# Complexity Study for Multi-Gig Automotive PHYs

Michael Leung, John Lin, Peter Wu, Brett McClellan, Wyant Chan

Marvell Semiconductor



### Supporter

Tzahi Madgar – Velans Semiconductor

# Summary of presentation

- A framework for DSP complexity comparison is provided in relative terms.
- PAM8 delivers lower relative complexity and power in DSP implementation compare to PAM2, PAM3, PAM4 and PAM5 systems
- For analog design, low baud rate PAM8 RX/TX paths is no more complex than high baud rate lower PAM schemes.

# Implementation Complexity Study Outline

- Objectives
  - Study the implementation complexity (area/power) of PHY for Multi-GBASE-T1 vs PAM level.
  - Focus on 2.5G, but results can be generalized to other speeds
- Assumptions
  - Covers only complexity from implementation aspect
  - PAM2, 3, 4, 5, 8 systems are considered
  - System SNR level is sufficient to support these PAM systems in 2.5G
- Methodology
  - Identify main components in a generic PHY
  - DSP Implementation complexity for different PAM schemes is studied using specific factors w.r.t 1000BASE-T1 counterparts.
  - Detailed study of Echo Canceller to established scaling factors.
  - For analog components, discussions are focused on general terms only.

# **BASE-T1 PHY Components**



- Major Digital Components
  - Echo Cancellation (EC) / Decision Feedback Equalizer (DFE)
  - DSP Tx/Rx Path, including Feed Forward Equalizer (FFE)
  - PCS, including Forward Error Correction (FEC)
- Major Analog Components
  - Analog TX/RX path
  - PLL & Clock Distribution
  - Host Interface Serdes (for SGMII or equivalent) or I/O (for RGMII)

# **DSP** Components Complexity

- For a given DSP function, implemented with similar DSP algorithms/ architecture (e.g. direct baud rate implementation)
  - Power dissipated will be proportional to Area x Clock
    Frequency
- Relative Area = Datapath Factor x Technology Factor x System Factor
  - Datapath Factor Bitwidth of inputs to DSP block
    - For large bitwidth, the factor is proportional to the bitwidth.
    - For small bitwidth, e.g.
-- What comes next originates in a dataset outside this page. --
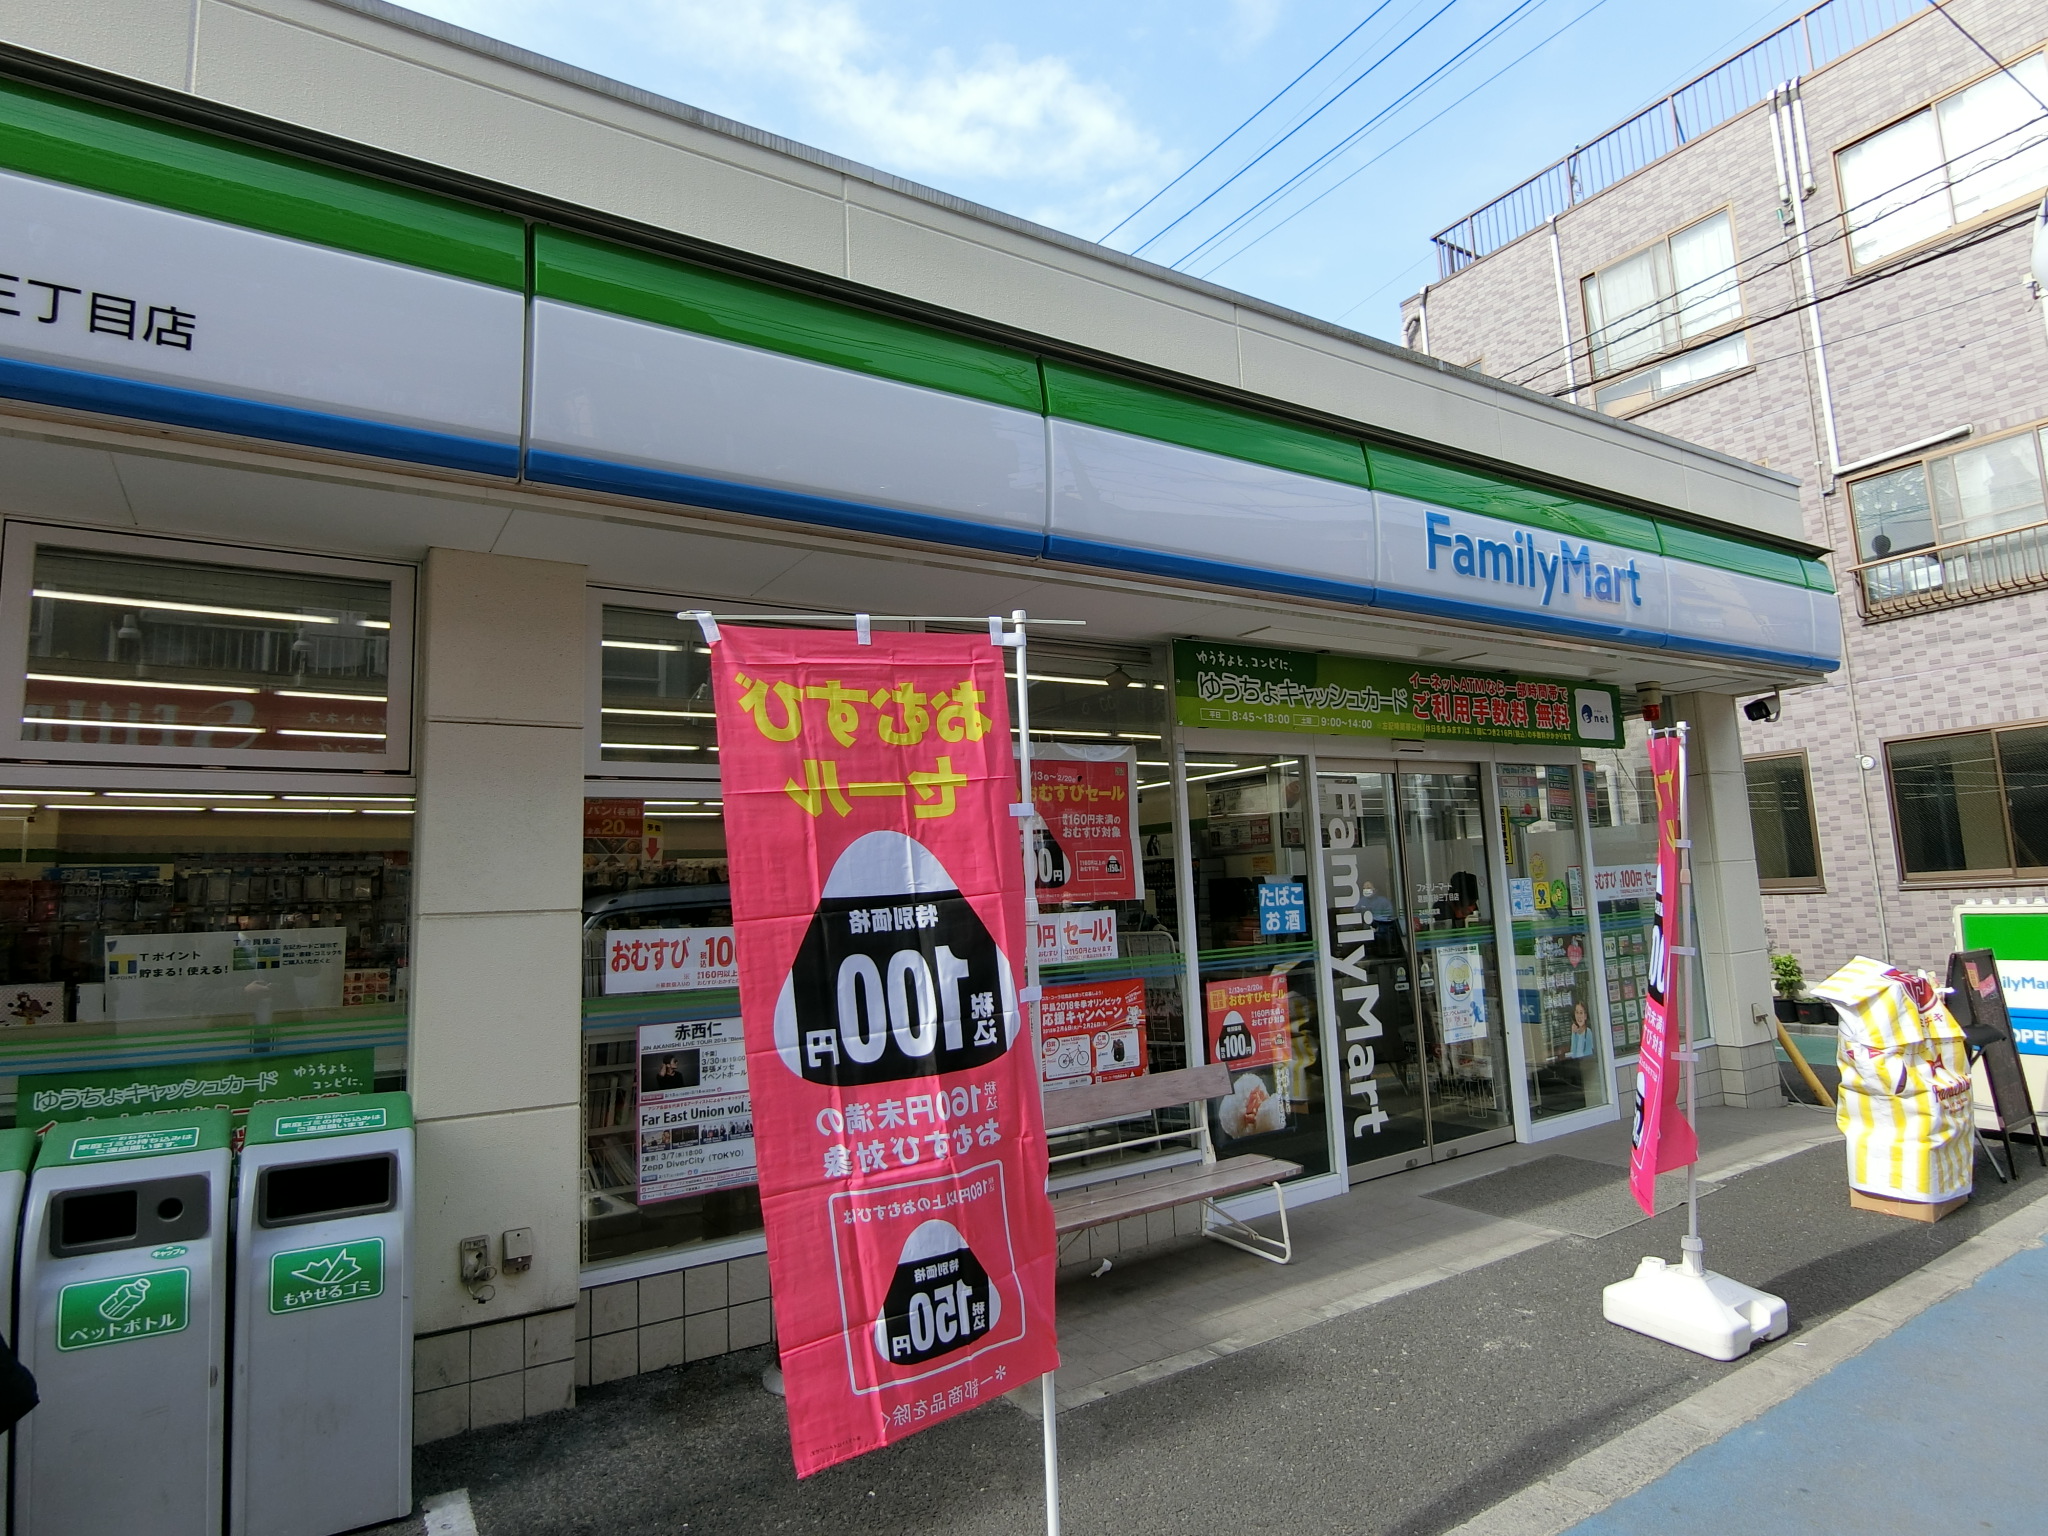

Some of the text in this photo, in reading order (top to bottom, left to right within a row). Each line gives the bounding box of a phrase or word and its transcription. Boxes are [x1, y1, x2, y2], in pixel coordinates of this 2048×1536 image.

PAM3, PAM4 input, factor depends on implementation.
  - Technology Factor Area increases as clock rate increases.
    - Factor is IC silicon technology dependent (hockey stick curve).
  - System Factor Factor scaled for system requirement to be met
    - # echo taps, filter coefficient bitwidth.

# Complexity for Echo Canceller (EC)



- Datapath Factor Depends on # of PAM levels
- Technology Factor Depends on IC silicon technology and baud rate.
- System Factor Proportional to # of taps and bitwidths of adapting filter coefs.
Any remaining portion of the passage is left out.